[Records from a data collection]
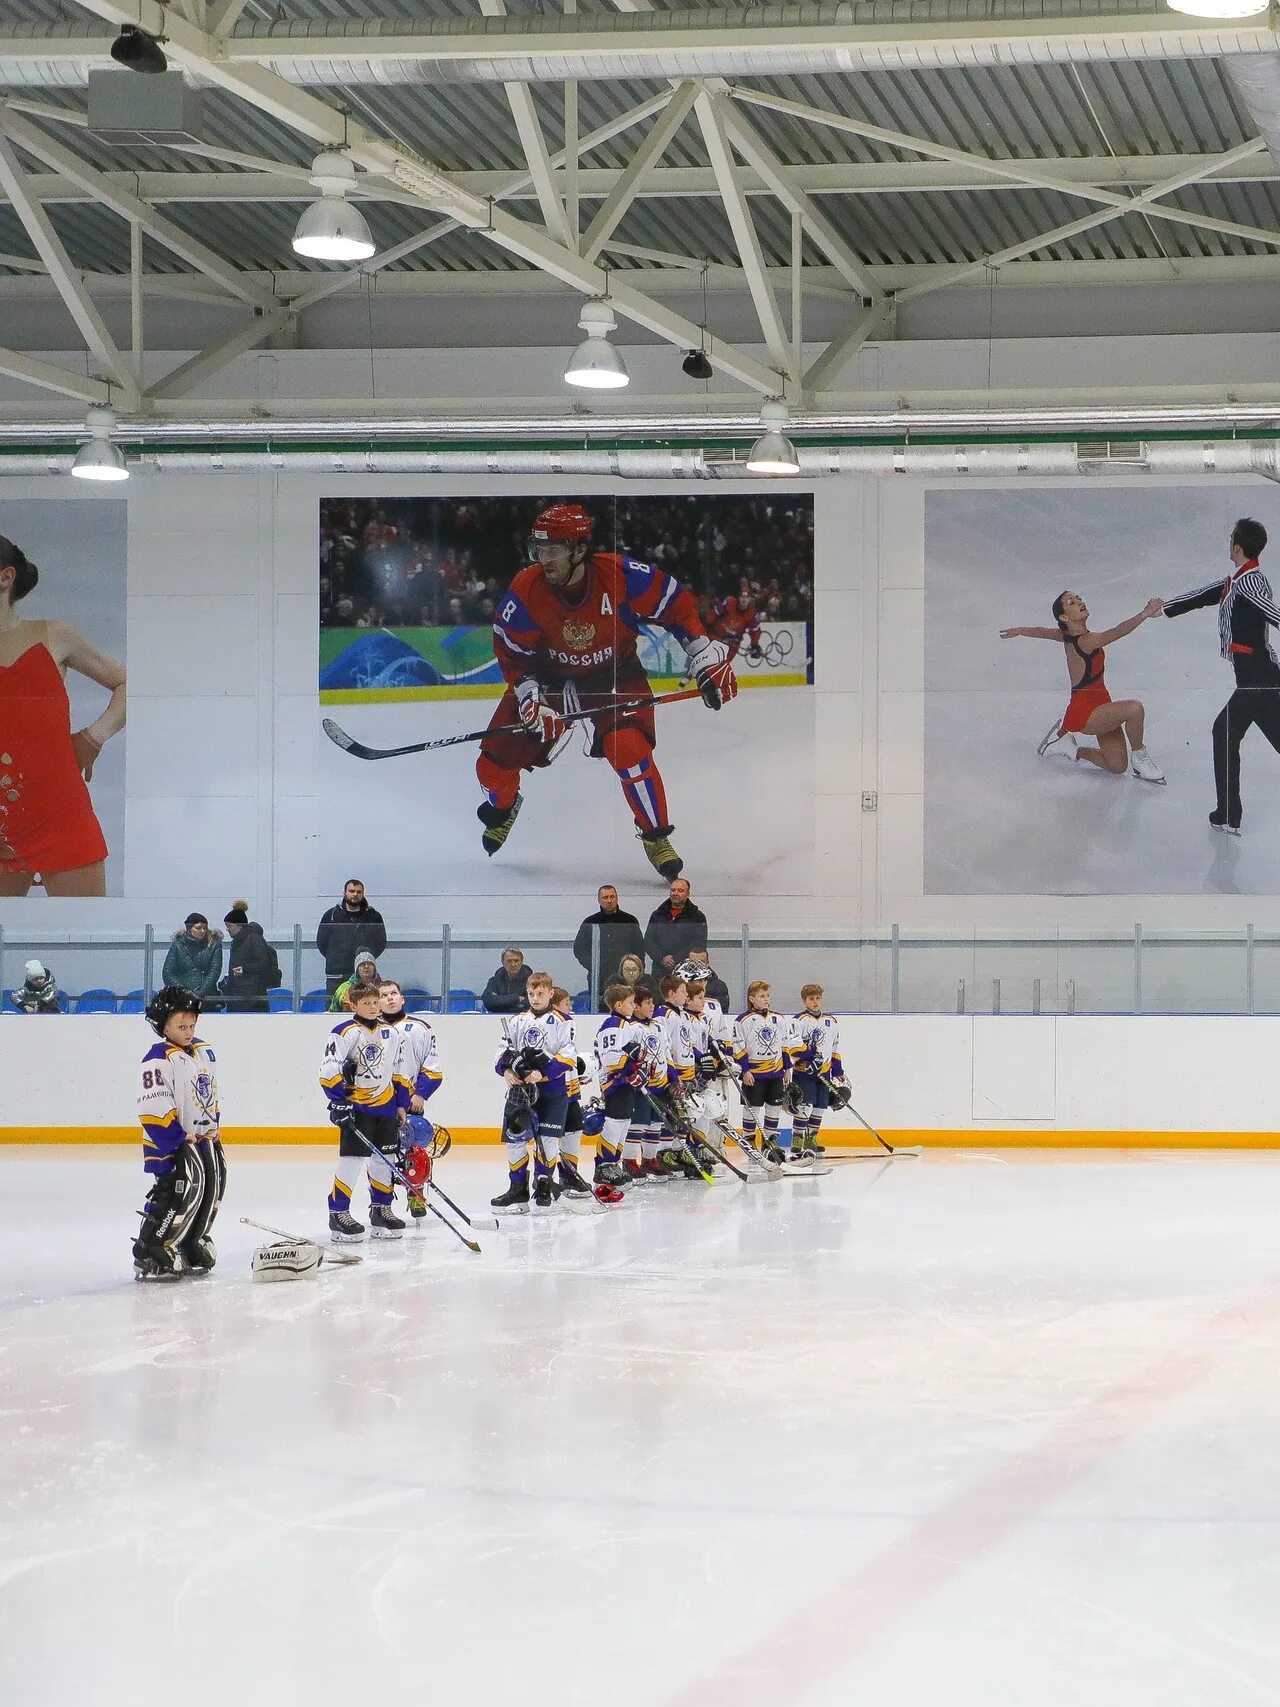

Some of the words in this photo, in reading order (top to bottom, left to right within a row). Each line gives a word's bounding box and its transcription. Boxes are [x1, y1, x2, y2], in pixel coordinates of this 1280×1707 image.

[629, 561, 650, 574] 8
[502, 600, 518, 622] 8
[601, 593, 613, 615] A
[549, 646, 612, 667] РОССИЯ
[603, 1034, 616, 1048] 85
[143, 1068, 164, 1089] 88
[155, 1208, 177, 1238] Reebok
[260, 1251, 297, 1260] VAUGHN
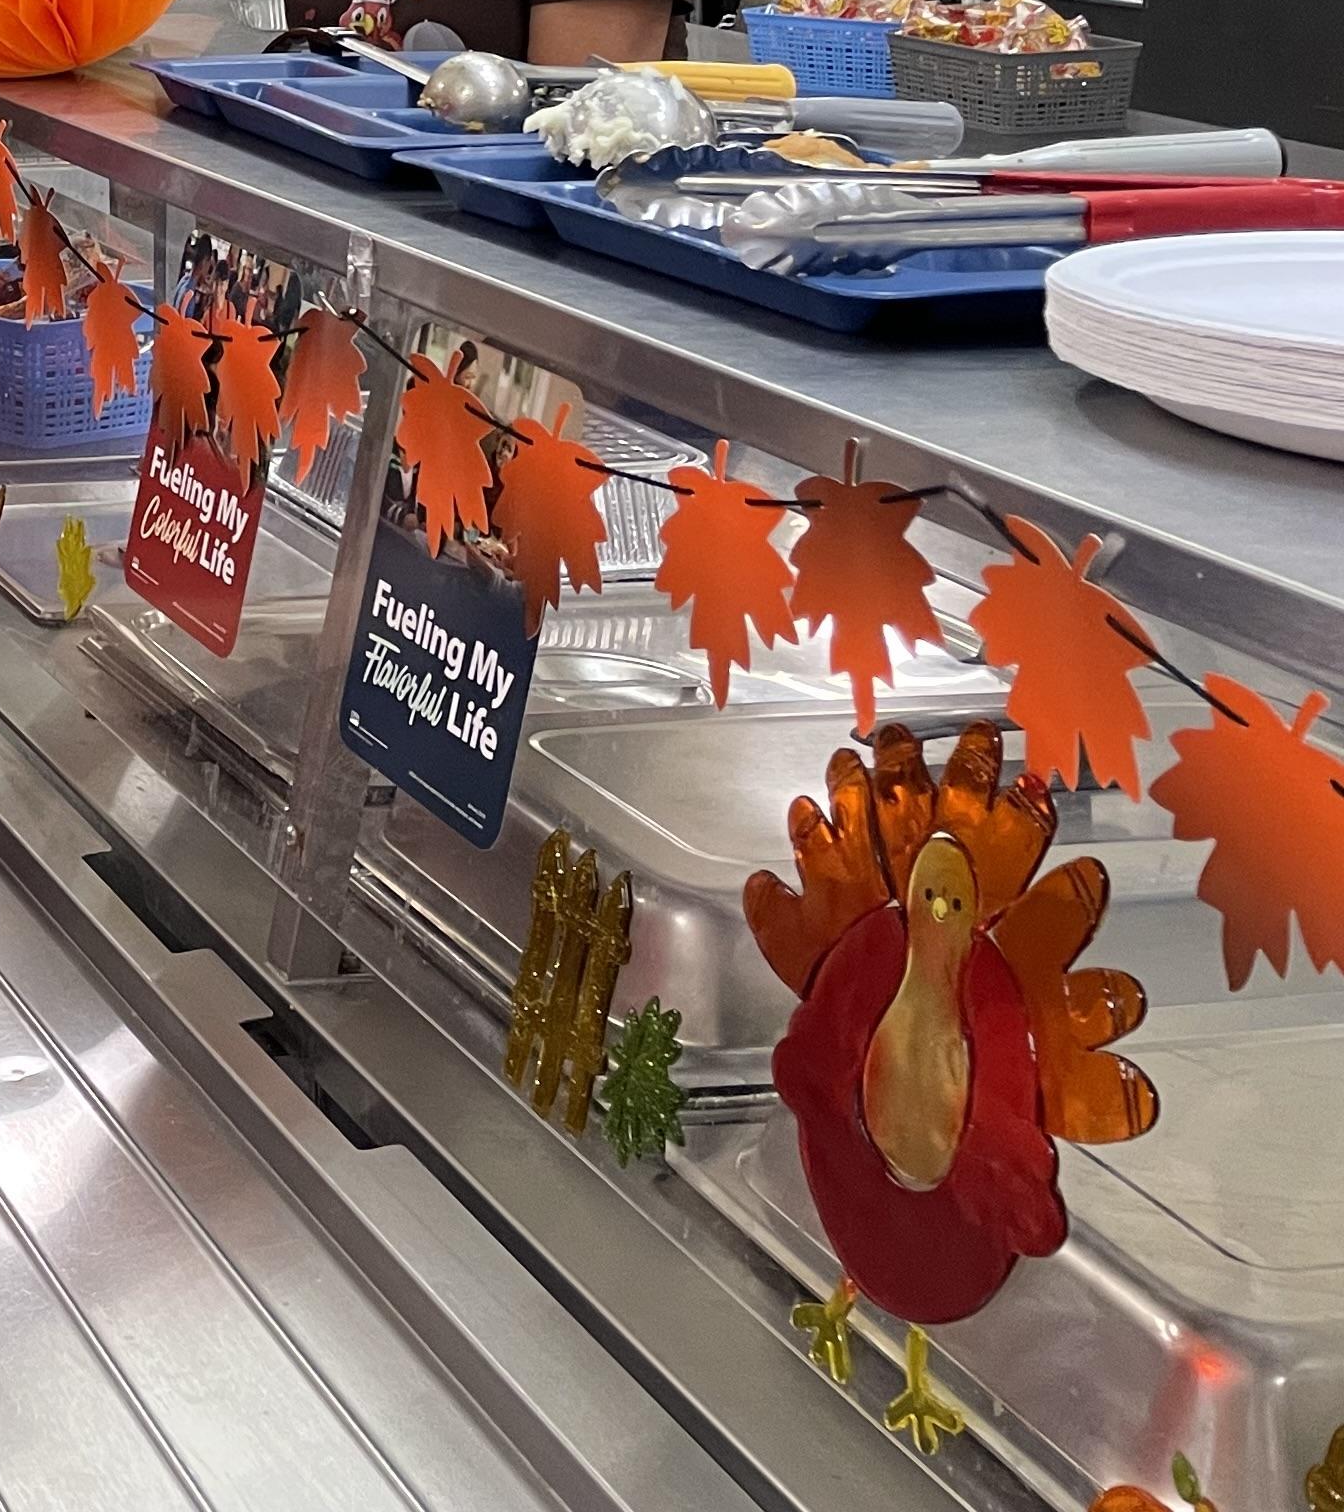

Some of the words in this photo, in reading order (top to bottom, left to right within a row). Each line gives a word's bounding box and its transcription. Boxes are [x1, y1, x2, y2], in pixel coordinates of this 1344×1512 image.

WORK INSTRUCTIONS >> The answer consists of the records repeated exactly, without any images.

RESPONSE FOR THIS EXERCISE >>
Some of the words in this photo, in reading order (top to bottom, left to right within a row). Each line gives a word's bounding box and its transcription. Boxes are [x1, y1, x2, y2], in pixel coordinates of this 1280×1707 image.

[629, 561, 650, 574] 8
[502, 600, 518, 622] 8
[601, 593, 613, 615] A
[549, 646, 612, 667] РОССИЯ
[603, 1034, 616, 1048] 85
[143, 1068, 164, 1089] 88
[155, 1208, 177, 1238] Reebok
[260, 1251, 297, 1260] VAUGHN

Some of the words in this photo, in reading order (top to bottom, left to right within a row). Each line gives a word's bounding box and its transcription. Boxes are [x1, y1, x2, y2], in pixel coordinates of this 1344×1512 image.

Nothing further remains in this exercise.